The remainder of the paper is ordered as follows. Section related work reviews the related work. Preliminary information regarding the used approaches and the problem statement is given in section methodological preliminaries, while section optimized prediction of covid-19 describes the proposed method. The experiential details, evaluation criteria, and performance comparison are given in section optimized prediction of covid-19, along with an analysis of the conclusions attained. Lastly, section results and discussions gives some concluding observations.

## Related Work

### COVID-19 Prediction and Forecasting

Various prediction techniques that are regularly used to tackle forecasting problems include Machine Learning (ML) models (4), which can be employed toward determining the number of potential COVID-19 infected patients. Rustam et al. (4) used four simple statistical models: Linear Regression, Least Absolute Shrinkage and Selection Operator, Support Vector Machine, and Exponential Smoothing to forecast threatening COVID-19 factors. Petropoulos and Makridakis (11) presented an analytical procedure to forecast the continuation of COVID-19. The work presents a timeline of a live forecasting activity with significant possible planning and decision-making consequences and offers realistic forecasts for confirmed COVID-19 cases. Malavika et al. (12) adopted a logistic growth curve model for short-term prediction of COVID-19, and SIR models was employed in identifying the highest possible live individuals and peak seasons. In addition, the Time Disrupted Regression model is used to estimate the influence of lockdown and other important proposals.

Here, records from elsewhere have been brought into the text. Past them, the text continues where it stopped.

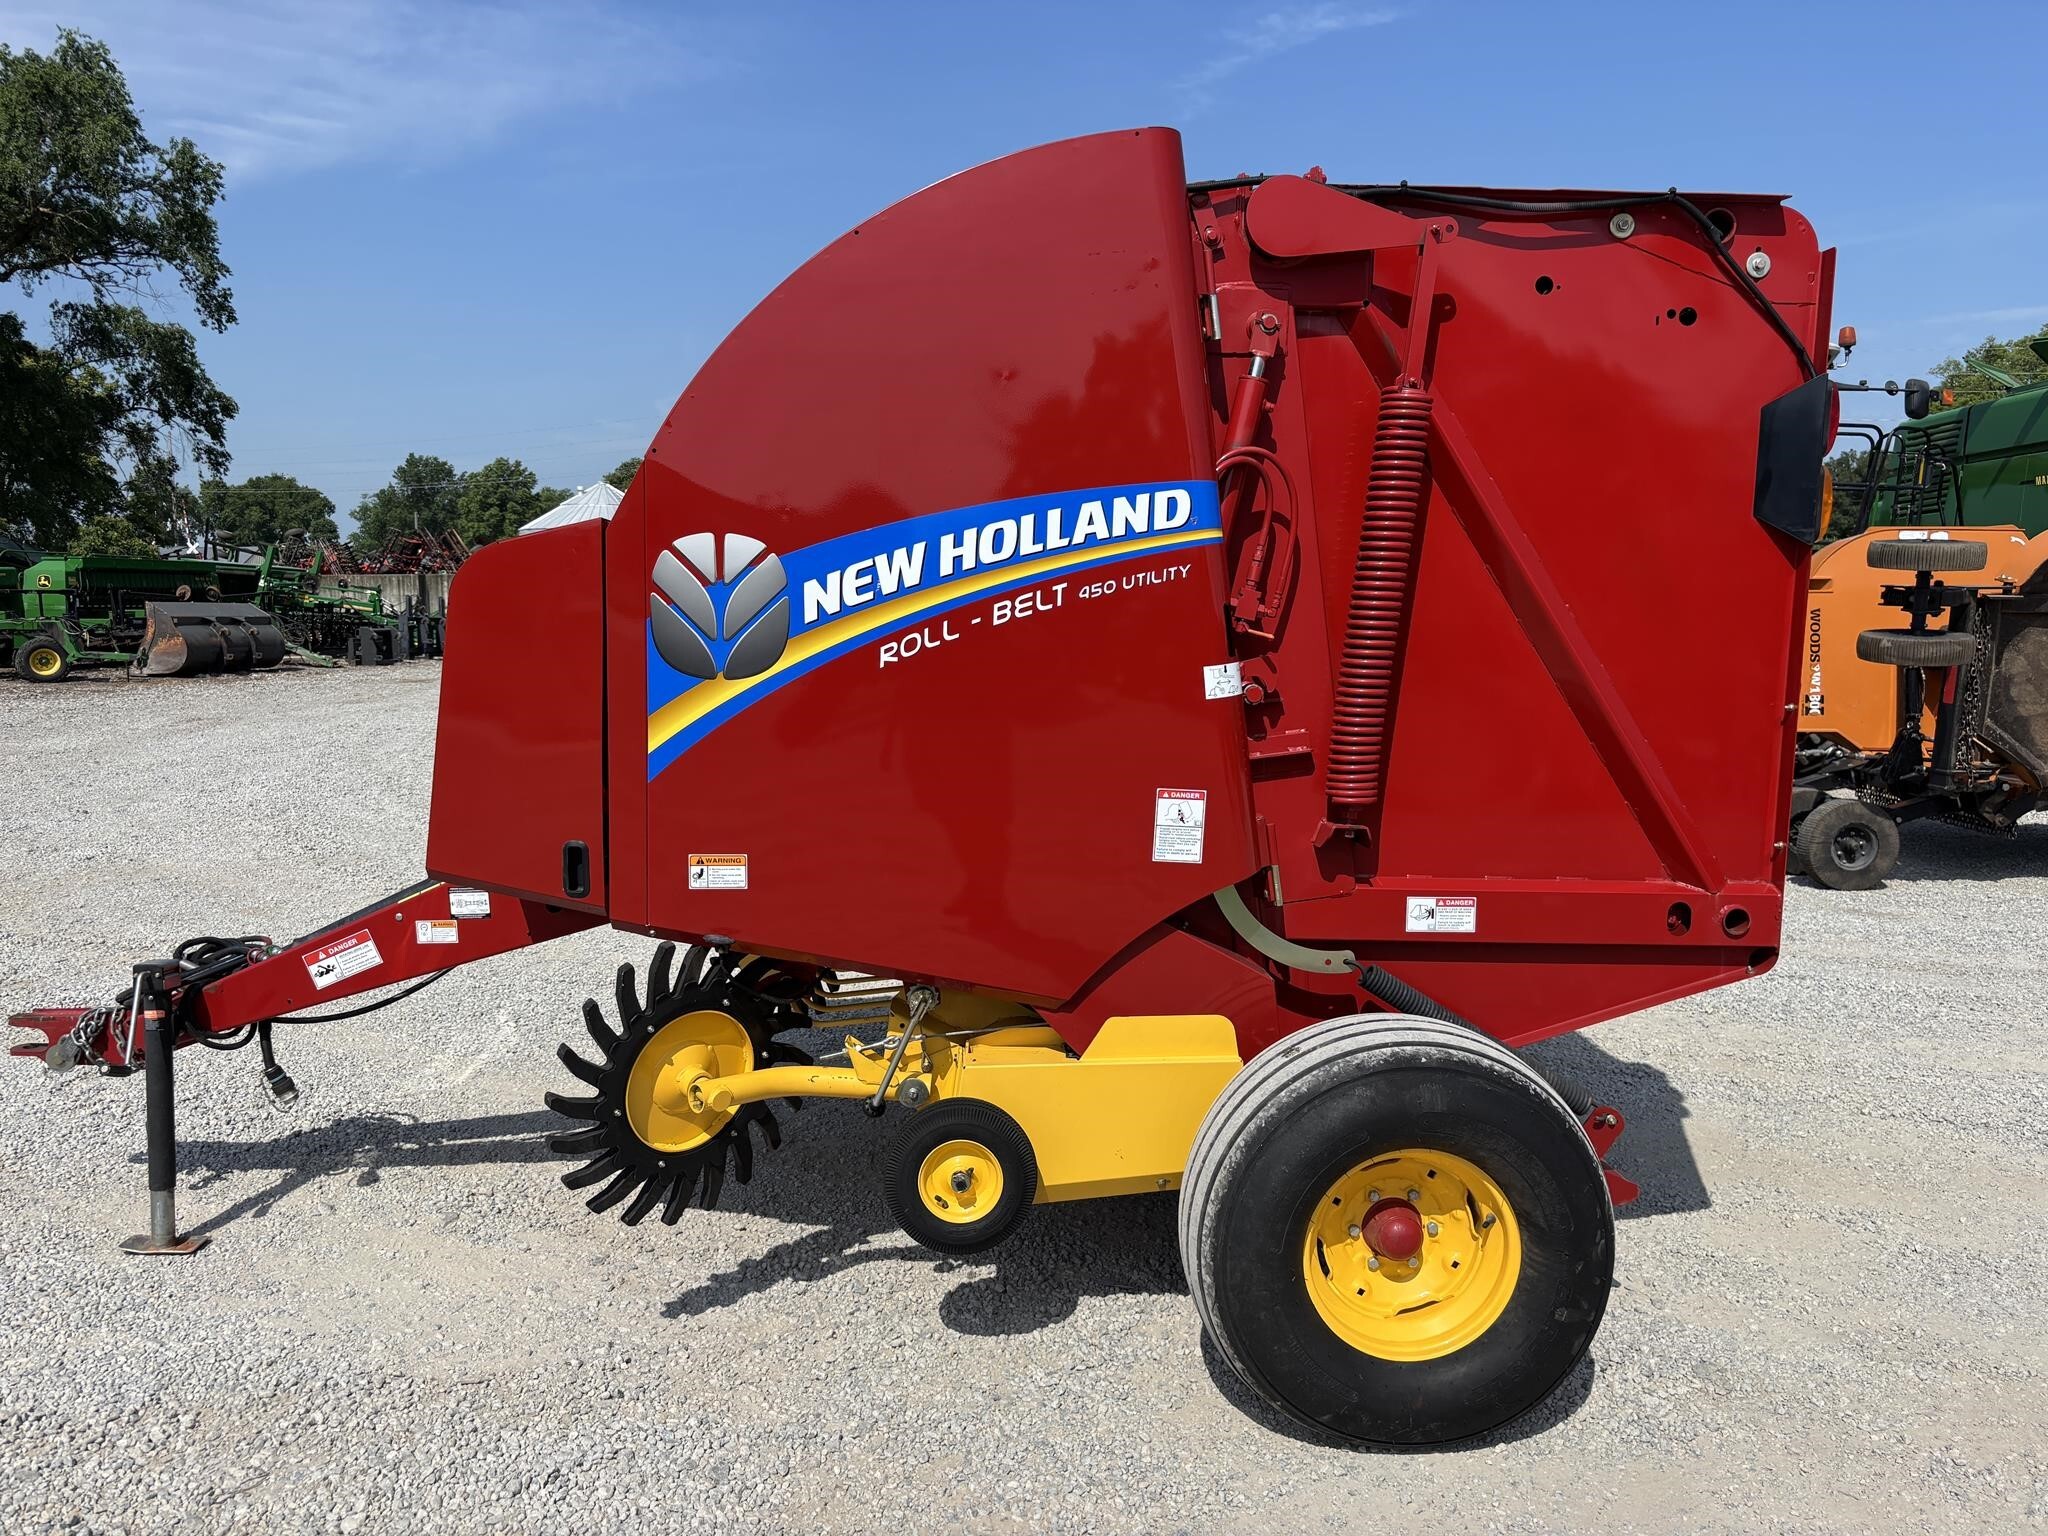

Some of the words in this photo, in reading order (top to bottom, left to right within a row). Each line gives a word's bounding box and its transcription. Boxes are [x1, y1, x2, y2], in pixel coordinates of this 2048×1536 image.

[803, 541, 926, 625] NEW
[939, 488, 1192, 577] HOLLAND
[879, 620, 960, 668] ROLL
[992, 582, 1068, 626] BELT
[1078, 579, 1117, 599] 450
[1122, 563, 1192, 590] UTILITY
[1809, 608, 1821, 663] WOODS
[328, 938, 358, 955] DANGER

Pal et al. (13), combined medical data with the trend and local weather data to forecast each country's level of risk. Specifically, a shallow LSTM neural network is employed in solving difficulties in limited datasets, and a country's risk level (high, medium, and recovery) is categorized using the Fuzzy rule. Hu et al. (14) used Coronavirus-specific dataset to fine-tune the pre-trained multi-task deep model. The re-trained prototype was then utilized to decide possible commercial medications upon targeted proteins of SARS-CoV-2. Finally, Salgotra et al. (9) developed Genetic programming (GP) prediction models for confirmed individuals and death cases across three of the most affected states, namely Maharashtra, Gujarat, Delhi, and India. The predictive models are expressed utilizing the specific formula, and predictive powerless variables were studied.

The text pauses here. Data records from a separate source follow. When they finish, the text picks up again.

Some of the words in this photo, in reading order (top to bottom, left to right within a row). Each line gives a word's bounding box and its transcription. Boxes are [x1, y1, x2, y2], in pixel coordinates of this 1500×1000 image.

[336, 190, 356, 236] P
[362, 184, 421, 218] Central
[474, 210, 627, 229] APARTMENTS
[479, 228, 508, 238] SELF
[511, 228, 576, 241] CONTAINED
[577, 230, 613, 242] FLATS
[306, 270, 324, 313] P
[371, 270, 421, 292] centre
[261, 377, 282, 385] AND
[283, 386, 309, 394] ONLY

Velásquez and Lara (1) analyzed historical and expected COVID-19 death infections based upon the Reduced-Space Gaussian Process Regression correlated with disordered Dynamical Systems. COVID-19 forecasted with Gaussian models mean-field models can be meaningfully applied to obtain a quantitative summary of virus spread with contamination, death, and recovery rates. Jia et al. (10) adopted Logistic, Bertalanffy, and Gompertz models to prove the validity of the current statistical models by fitting and analyzing the SARS epidemic patterns. The findings were then used to fit and evaluate the COVID-19 scenarios. The forecasted outcomes of the three different mathematical models varied for different parameters and in different regions. Kavadi et al., (15) proposed partial derivative regression and a non-linear machine learning system toward the global pandemic verification of COVID-19. Dehesh et al., (16) considered the best predictive models for regularly reported individuals in nations with a huge magnitude of verified cases and then made predictions based on those models to better prepare healthcare systems. For predicting the pattern of reported events, the Auto-Regressive Integrated Moving Average model was used. Ngabo et al. (17) proposed an artificial intelligence (AI) algorithm that predicts the survival rate of COVID-19 patients based on their immune system, exercise rate, and age quantiles.

### Deep Learning for COVID-19

Arora et al. (18) used deep learning-based models to forecast the number of recorded positive cases of novel Coronavirus (COVID-19) for 32 Indian states and union territories. Recurrent Neural Network (RNN)-based LSTM variants, such as Deep LSTM, Convolutional LSTM and Bi-directional LSTM, were applied to the Indian dataset to forecast the number of positive cases. Huang et al. (19) suggest that Convolutional Neural Network (CNN) can accurately estimate and determine the number of verified cases. The emphasis was on various towns with the most reported cases in China, and a COVID-19 prognostication model was suggested based upon the CNN system of Deep Neural Network (DNN). Three deep learning models (20), namely DNN, LSTM, and CNN, were stacked in learning models for the ensemble to achieve the most reliable results. The meta-learners used these forecasted values of these models as inputs to produce the final prediction of outbreaks. Ramchandani et al. (21) proposed a deep learning model to forecast the range of increase in COVID-19 and offer an unusual approach for determining equidimensional multivariate time scale illustrations and multivariate spatial time scale results.

Yoo et al. (22) examined the usefulness of applying a deep learning-based decision-tree classifier to distinguish COVID-19 from CXR images. This classifier consists of three binary decision trees, each trained by a deep learning model based on the PyTorch system with a neural convolution network. The primary decision tree divides the CXR images as either regular or anomalous. The second tree recognizes the irregular images bearing symptoms of tuberculosis. The final tree identifies the signs of COVID-19. Ozturk et al. (23) introduced a different approach for automated COVID-19 detection employing raw X-ray images of the chest. The developed system offers honest diagnostics for binary (COVID-19 vs. No-Findings) and multi-class (COVID-19 vs. Pneumonia vs. No-Findings) classification. Panwar et al., (24) proposed a deep learning neural network-based approach nCOVnet, which employs an alternative rapid screening system to identify COVID-19 by analyzing patients' X- rays to check for visual markers present in COVID-19 patients' chest radiography images.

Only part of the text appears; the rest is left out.